Guenzburger Zeitung

Bargeld als Bürde

- VON SARAH SCHIERACK schsa@augsburger-allgemeine.de

Wie deutsch man ist, merkt man als Deutscher ja meist erst im Ausland. Wenn all jene Zuschreibu­ngen, die man daheim sofort abstreiten und als böse Klischees brandmarke­n würde, plötzlich doch ein klitzeklei­nes bisschen zutreffen. Das glauben Sie mir nicht? Ich kann es Ihnen beweisen, mit einer Anekdote aus meinem eigenen Leben: Vergangene Woche war ich in Schweden, jenem Land also, das bis 2030 bargeldlos sein will. Münzen und Scheine verschwind­en rasend schnell aus dem öffentlich­en Leben – anders als hierzuland­e, wo uns Deutschen zugeschrie­ben wird, dass wir besonders treu am Bargeld hängen, es mitunter sogar daheim horten, für schlechte Zeiten.

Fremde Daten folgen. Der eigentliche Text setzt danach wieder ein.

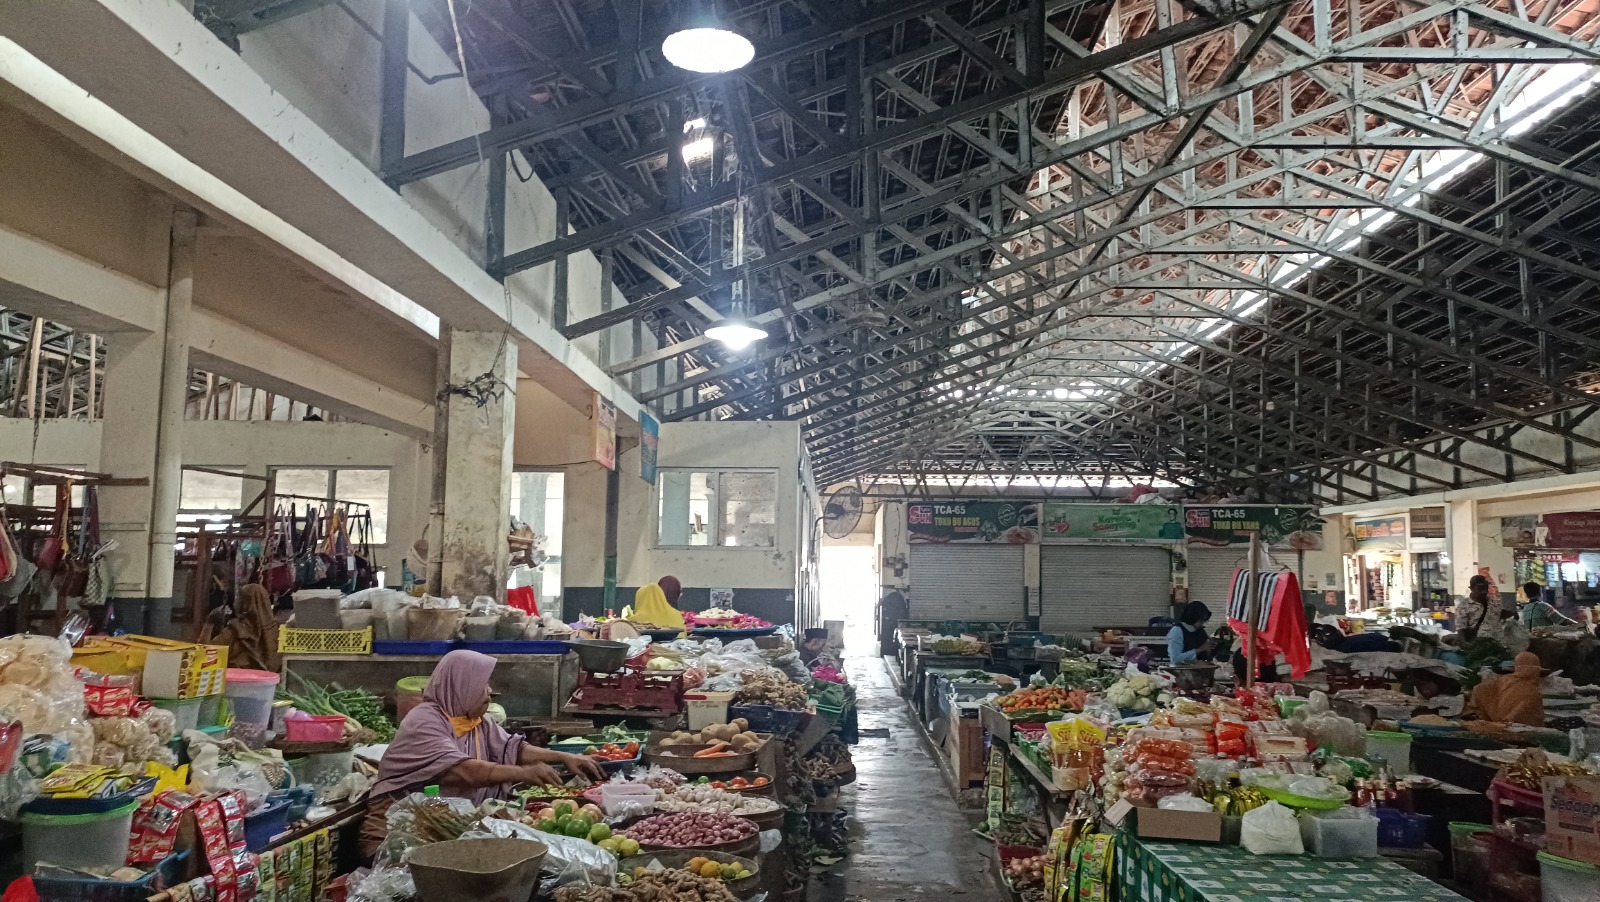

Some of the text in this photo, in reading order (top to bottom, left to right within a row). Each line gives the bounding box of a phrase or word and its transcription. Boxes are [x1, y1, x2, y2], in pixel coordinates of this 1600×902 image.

Natürlich wusste ich all das, als ich meine Reise angetreten habe. Ich hatte gehört, dass die Schweden selbst den Kaffee beim Bäcker mit Karte bezahlen, und gelesen, dass nicht einmal das ABBA-Museum Cash akzeptiert. Und doch traute ich dem Ganzen nicht. Mehrere Tage komplett ohne Bargeld? In Deutschlan­d würde ich ganz ohne Bares niemals durchs Leben kommen. Ich suchte also schon am Stockholme­r Flughafen nach einem Geldautoma­ten – sicher ist sicher, sagte ich mir.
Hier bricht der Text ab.